Christophe Guilluy: II faut partir du principe que la majorité existe, à rebours du triptyque néolibéral « no alternative, no society, no majority », auquel j’ai consacré mes derniers livres. Le wokisme libéral repose sur l’idée qu’il n’y a pas de majorité. Si tu comprends que la majorité des gens ne vit pas dans de grandes métropoles, donc dans des territoires qui créent de l’emploi, tu te poses les bonnes questions : celle de la réindustrialisation, puis des circuits courts, puis des biorégions. Cela pose également la question de la mobilité, qui est faible dans ces milieux-là. II faut discuter avec les élus locaux. Ils savent très bien ce qu’il faut faire. Il faut par exemple rapatrier de l’emploi public, rouvrir des services publics. Il suffit de regarder ce qui a été écrit dans les cahiers de doléances remplis durant le mouvement des « gilets jaunes » et qui ont depuis disparu. Enfin, les gens ordinaires, dans la France périphérique comme en banlieue, désirent tous les mêmes choses. Mohammed à Saint-Denis ou Philippe dans la Creuse veulent du travail, un minimum de sécurité chez eux, que les racailles soient mises hors d’état de nuire par les forces de l’ordre, que les écoles soient correctes. Avons-nous vraiment besoin de la technostructure ? Les « gilets jaunes » ont réussi à sortir de la segmentation et de la modélisation, en réunissant des hommes, des femmes, des jeunes, des vieux, des gens du secteur public, des gens du secteur privé, des gens de toute origine, etc.

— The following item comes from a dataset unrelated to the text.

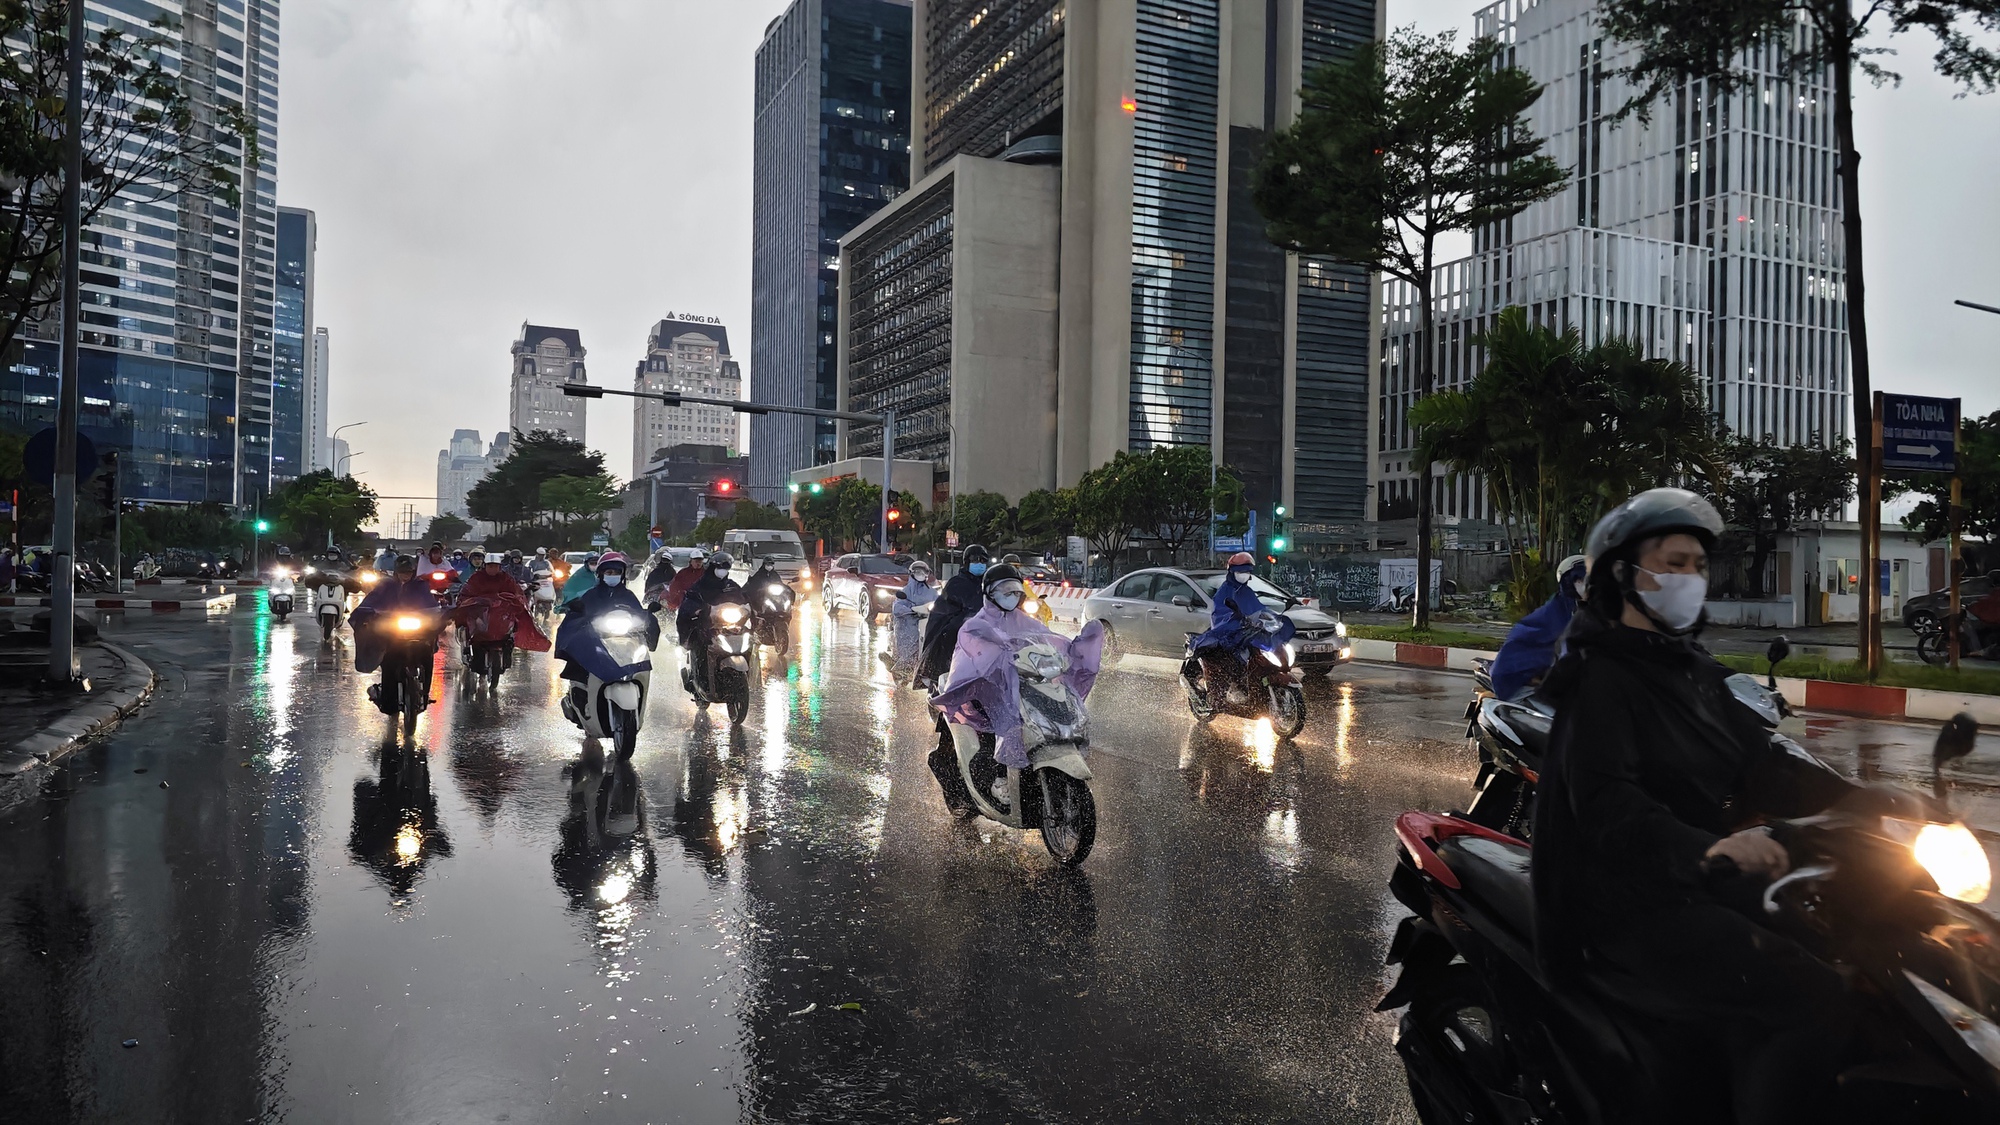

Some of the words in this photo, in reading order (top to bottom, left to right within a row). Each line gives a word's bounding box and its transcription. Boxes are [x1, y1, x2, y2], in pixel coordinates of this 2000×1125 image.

[679, 312, 705, 323] SÔNG
[1896, 399, 1919, 420] TÒA
[1921, 402, 1945, 422] NHÀ
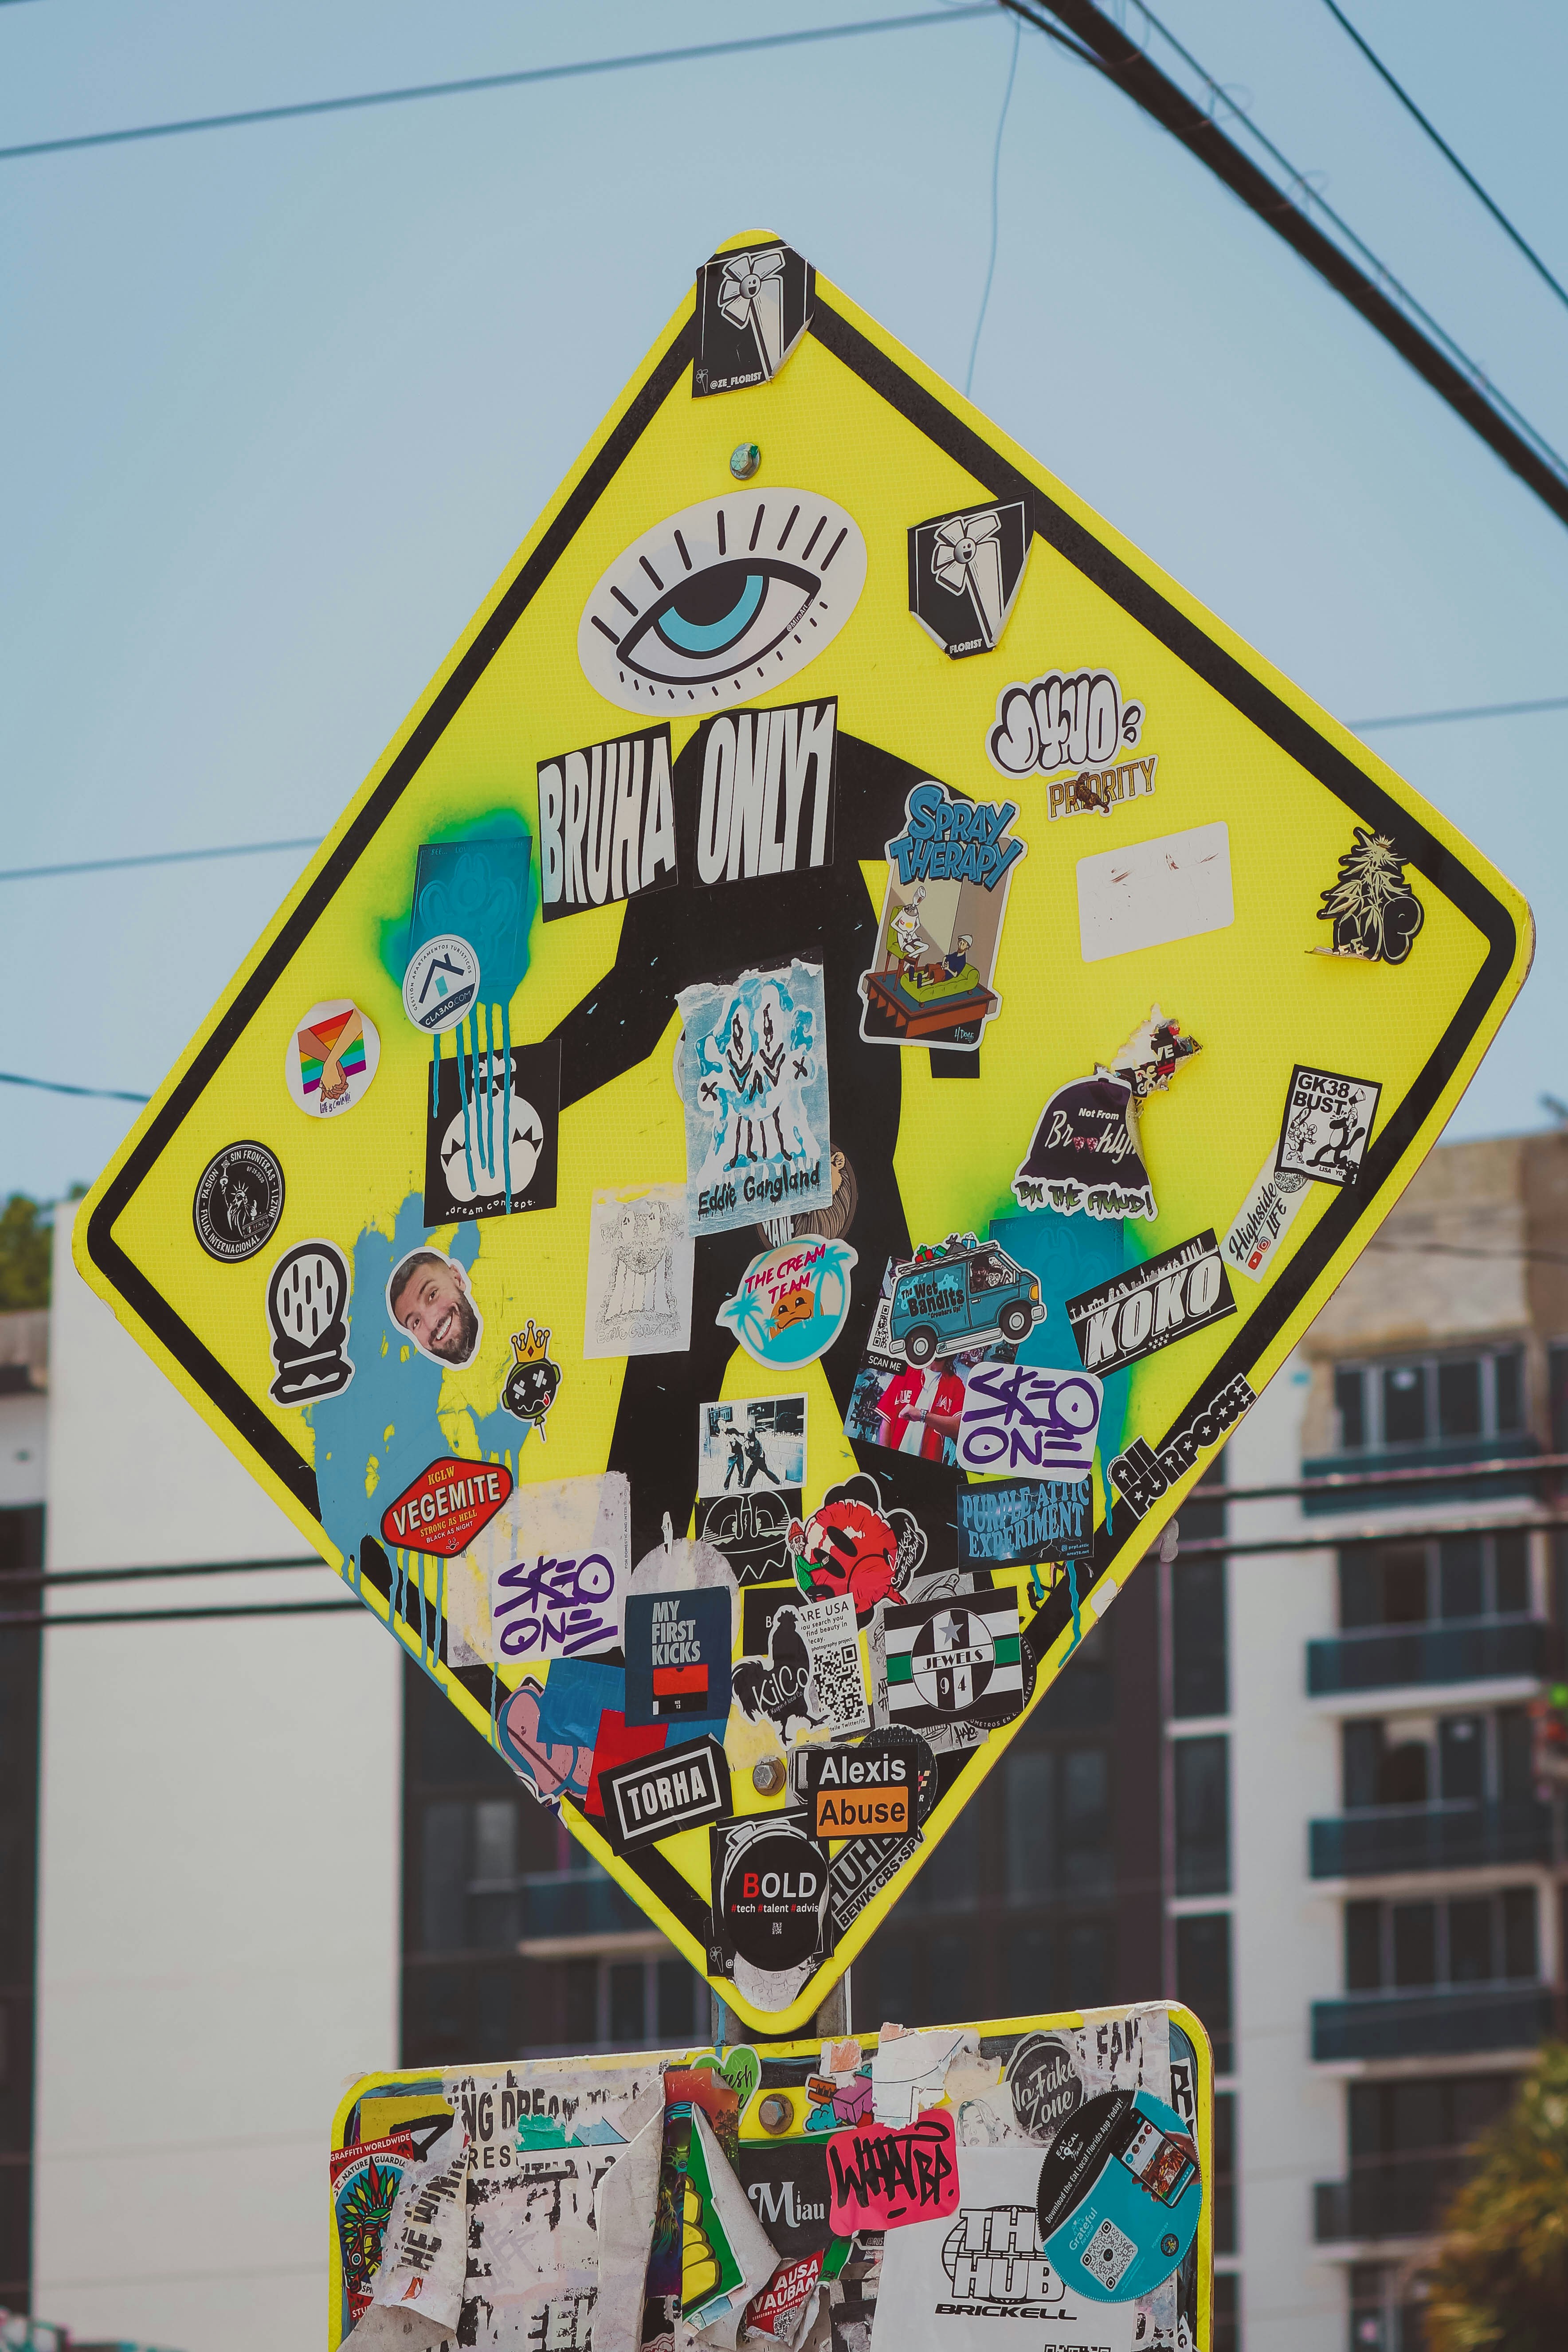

 Vous évoquez souvent la décroissance dans vos derniers livres, sans jamais approfondir. Comment concilier menace de fin du monde et préoccupation de fin du mois?

Christophe Guilluy:L’avenir de nos sociétés passera par la décroissance. Je pense qu’il peut y avoir un retournement de l’Histoire positif pour les classes populaires : elles vivent là où il faut, c’est-à-dire dans cette France périphérique, qui n’est pas que la France des campagnes, mais aussi celle des petites et des moyennes villes. Un modèle vertueux tournerait autour de villes de 30000 habitants, avec une économie locale et des circuits courts. Enfin, il faudra sortir de l’hyperconsommation. Mais l’hyperconsommation, c’est le modèle des métropoles, les gens ordinaires n’ont plus les moyens pour cela. ■

* Terme utilisé par Jack London pour désigner les classes supérieures.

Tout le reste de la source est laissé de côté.